Required work: Skip the pictures, and retype the data below in full, exactly.

━━━━━ Records for the exercise

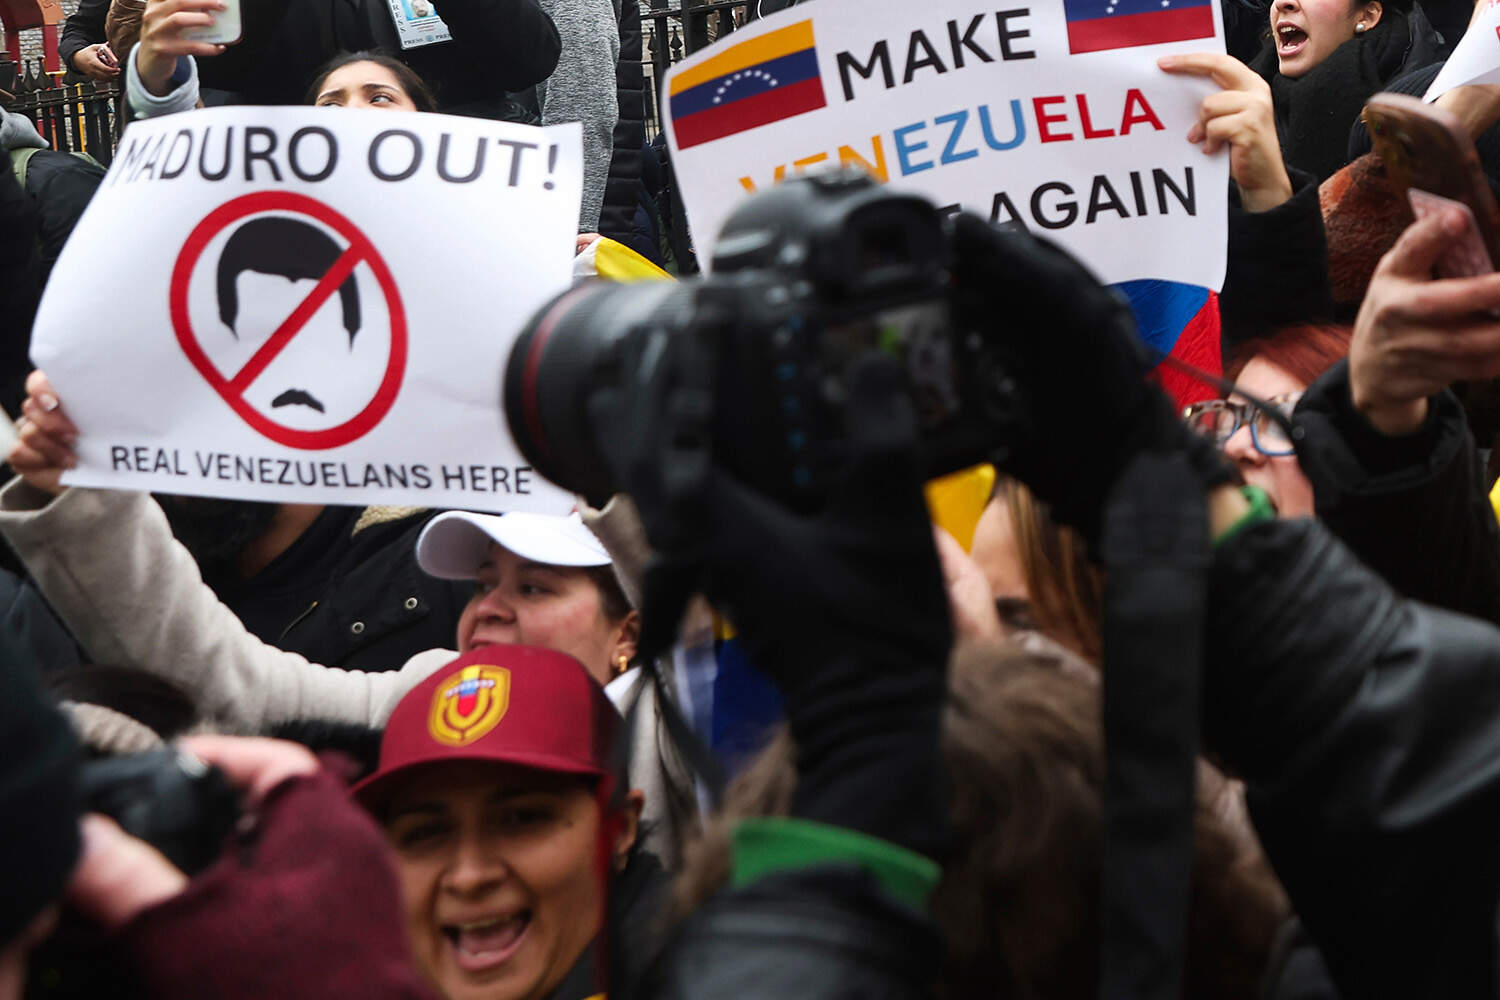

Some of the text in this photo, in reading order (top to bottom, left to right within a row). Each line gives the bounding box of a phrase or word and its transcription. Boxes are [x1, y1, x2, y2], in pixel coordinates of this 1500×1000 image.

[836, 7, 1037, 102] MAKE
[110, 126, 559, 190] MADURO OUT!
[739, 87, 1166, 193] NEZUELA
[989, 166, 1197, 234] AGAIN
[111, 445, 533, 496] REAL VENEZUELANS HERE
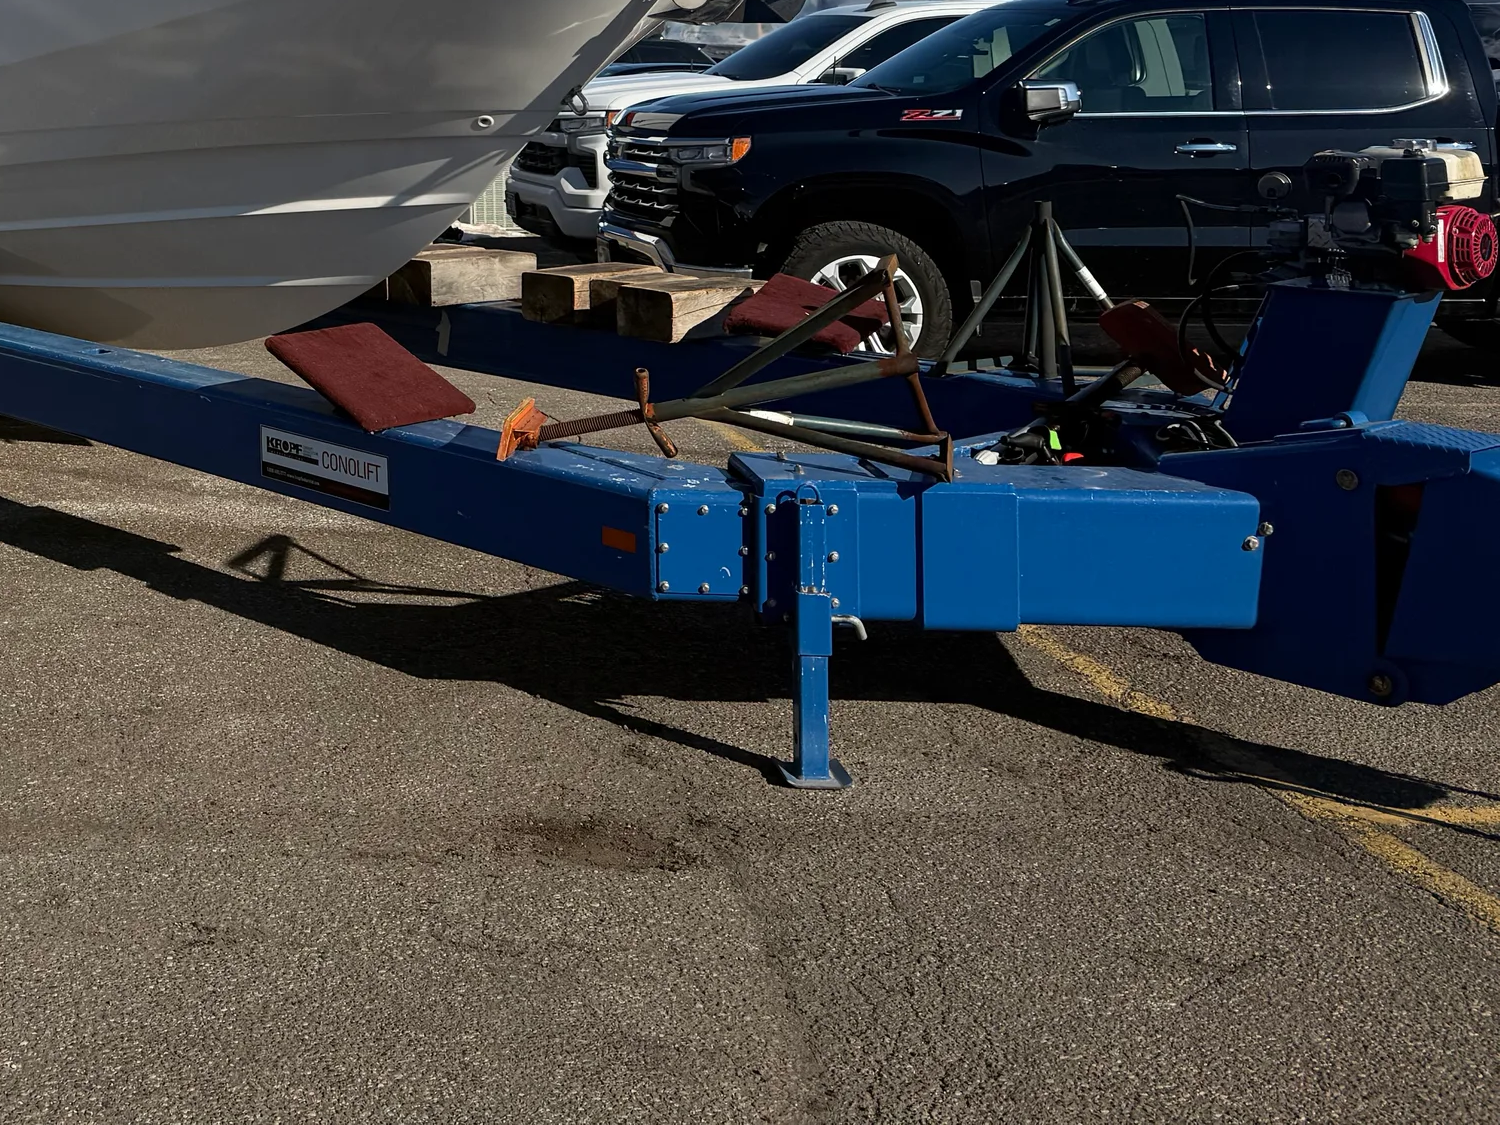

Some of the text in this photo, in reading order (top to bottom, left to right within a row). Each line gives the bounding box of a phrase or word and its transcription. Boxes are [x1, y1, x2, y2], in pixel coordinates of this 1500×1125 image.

━━━━━━━━━━

Solution to this exercise:
Some of the text in this photo, in reading order (top to bottom, left to right within a row). Each line gives the bounding box of a phrase or word and its transcription. Boxes are [x1, y1, x2, y2], in pixel coordinates of this 1500×1000 image.

[836, 7, 1037, 102] MAKE
[110, 126, 559, 190] MADURO OUT!
[739, 87, 1166, 193] NEZUELA
[989, 166, 1197, 234] AGAIN
[111, 445, 533, 496] REAL VENEZUELANS HERE

Some of the text in this photo, in reading order (top to bottom, left to right within a row). Each line gives the bounding box of a phrase or word and its transcription. Boxes are [x1, y1, x2, y2], in pixel coordinates of this 1500×1125 image.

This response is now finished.